In the meantime, the network of volunteers and churches are preparing to host more asylum seekers, ready to mobilize again whenever the need may arise. 

“People all across [the spectrum], Christian, non-Christian, from whatever faith, generally feel excluded from this conversation because it’s so polarized, but most of us are in the excluded middle. I think that’s why people are so eager to help,” says Dave Neuhausel, a pastor of Denver Community Church, which is involved in the effort. “My hope is that churches of all shapes and sizes and perspectives would have this opportunity because it really humanizes everything.”

Sitting outside the church, another mother from Central America shares her story. She also does not wish to share her name or her country of origin. She only says that her country is full of violence and threats, as gangs control most of people’s everyday lives. 

“They can hurt you,” she says. “We can’t live there. If you own a business, the gangs will make you pay a tax, what they called a ‘war tax.’ Kids will get inducted into the gangs, and they will make them sell drugs.”

Her 9-year-old son sits nearby with another young boy, their backs against a gate, playing a game on a phone. The younger one leans his head on his new friend’s shoulder. Headed to Houston later tonight, she tells me how grateful she is for the few days spent in Denver. 

“I left my house on a Monday,” she says. She left with a backpack filled with some clothes, medicine and important documents for her and her son. It took her 15 days to get to the U.S.-Mexico border. Before Denver, her last shower was in Mexico City. When she arrived at the Border Patrol processing facility, she had to throw out all her belongings, save her documents, her earrings and one set of clothes for both her and her son. She couldn’t even keep a short sleeve shirt and a long sleeve shirt, so she kept the long sleeves, afraid of how cold the holding cell would be. 

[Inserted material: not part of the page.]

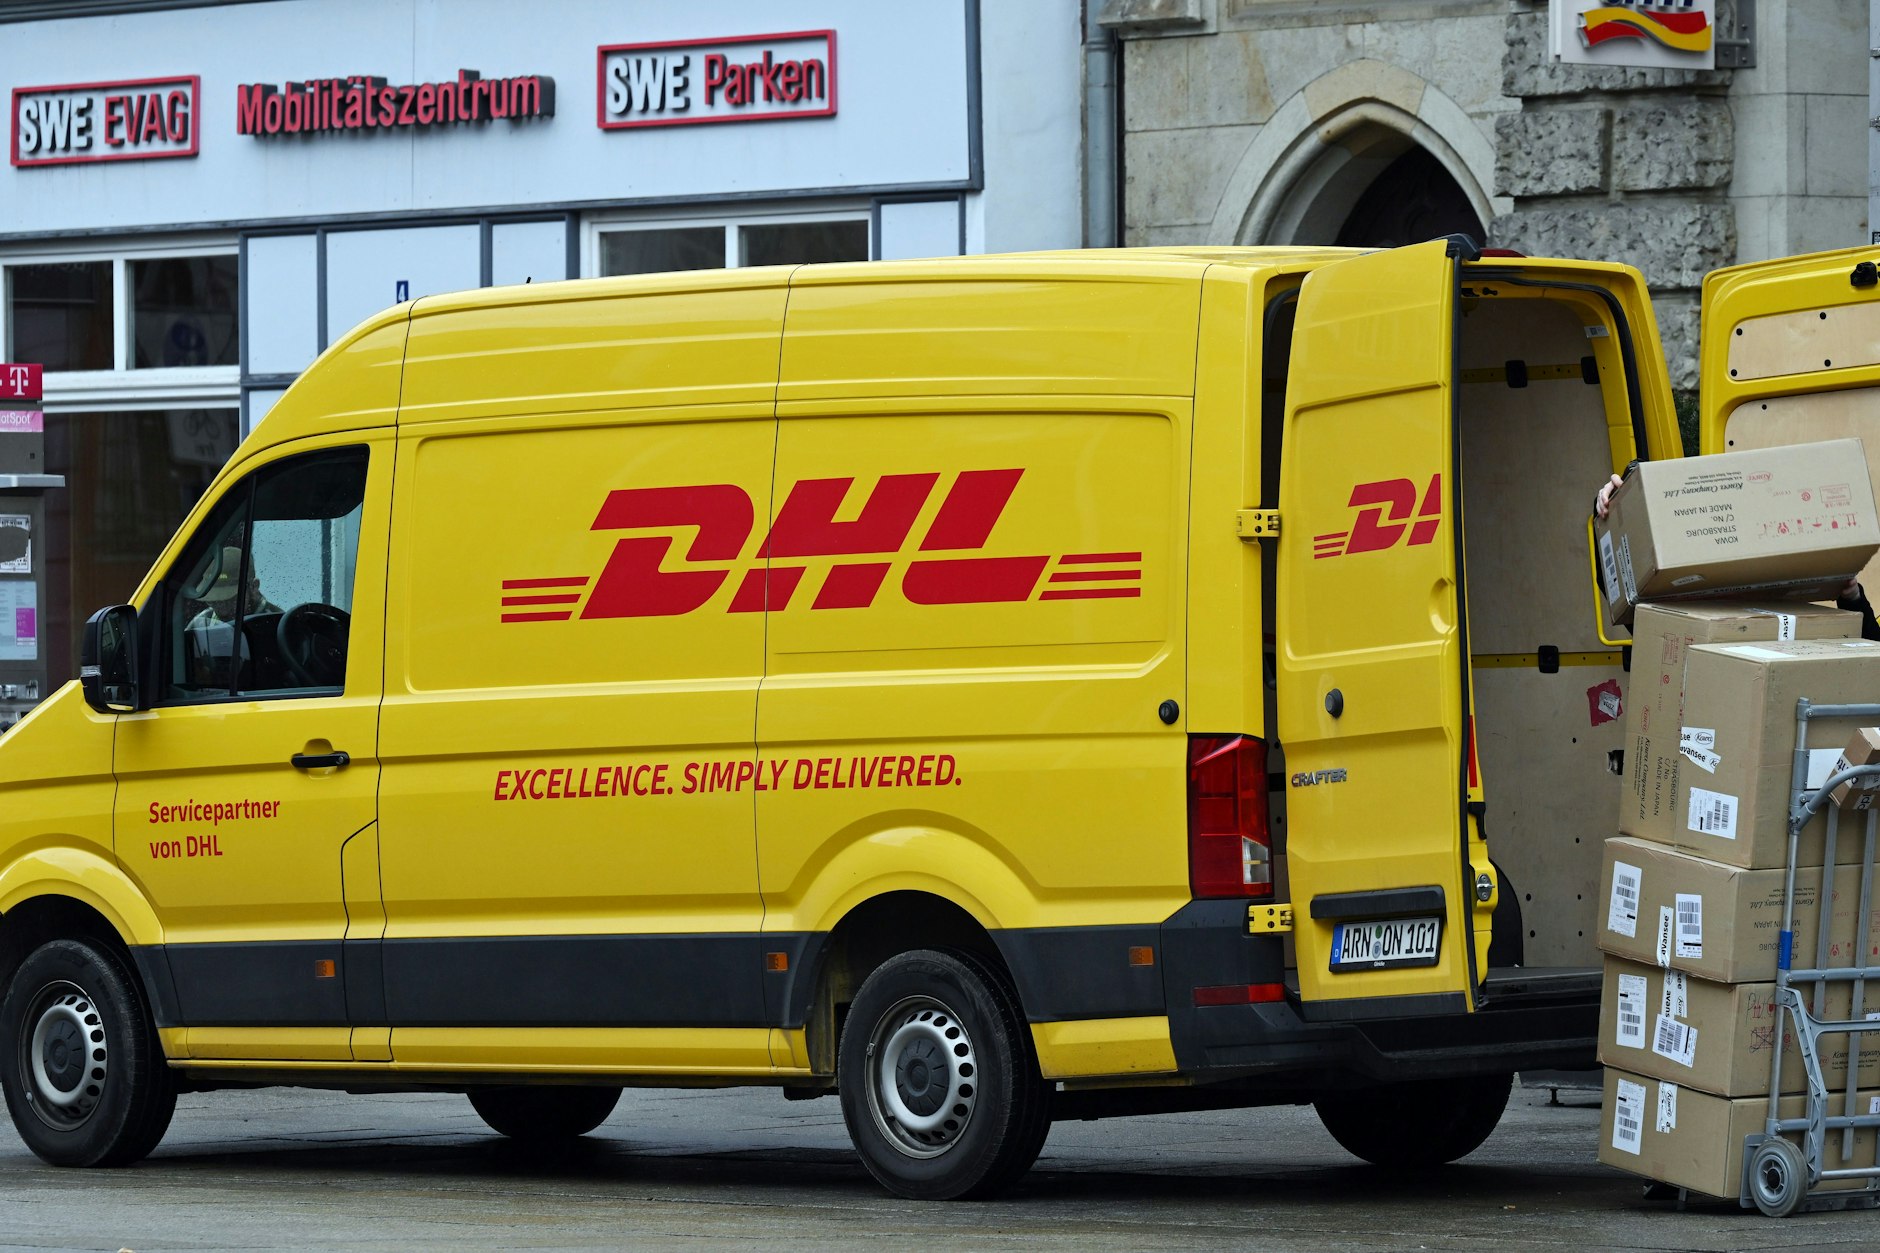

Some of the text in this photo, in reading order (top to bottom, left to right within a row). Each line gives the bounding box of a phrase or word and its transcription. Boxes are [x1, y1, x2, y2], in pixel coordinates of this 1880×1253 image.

“The thing that makes you sick and sad is to see your kids crying. My son was crying telling me, ‘Mommy, I want to go now,’ but I had to stay strong for him,” she says, her voice cracking, tears flowing down her face.

She says the hardest part of the entire journey was the 23 hours she spent in U.S. custody. It “was the most terrifying and horrible part of the whole trip,” she says. 

They laid on the hard floor, covered only by aluminum emergency blankets. She says both her and her son developed a cough while in custody, even though they weren’t held more than a day. She says she’s lucky to have stayed such a short time, as she met other women who had been in the facility much longer. She was only fed one bowl of soup in the 23 hours she was there, she says, and the guards didn’t treat them well. If one guard opened the door and let in some fresh air, soon another guard would come by and close it, she says. The worst part was hearing children constantly crying. 

After being released, she was taken to a nearby shelter, where volunteers gave them food and water before they boarded the bus bound for Denver. She says when she got off the bus she was surprised to see a group of people welcoming them, cheering, giving them clean clothes, good food, a bed. She says she never expected it.

“I never thought I was going to make it, to see my family with clean clothes and shoes. I never imagined I was going to taste such good food as I have had here,” she says. “And we needed that after coming from such a hard journey. … I have no words to express my gratitude.”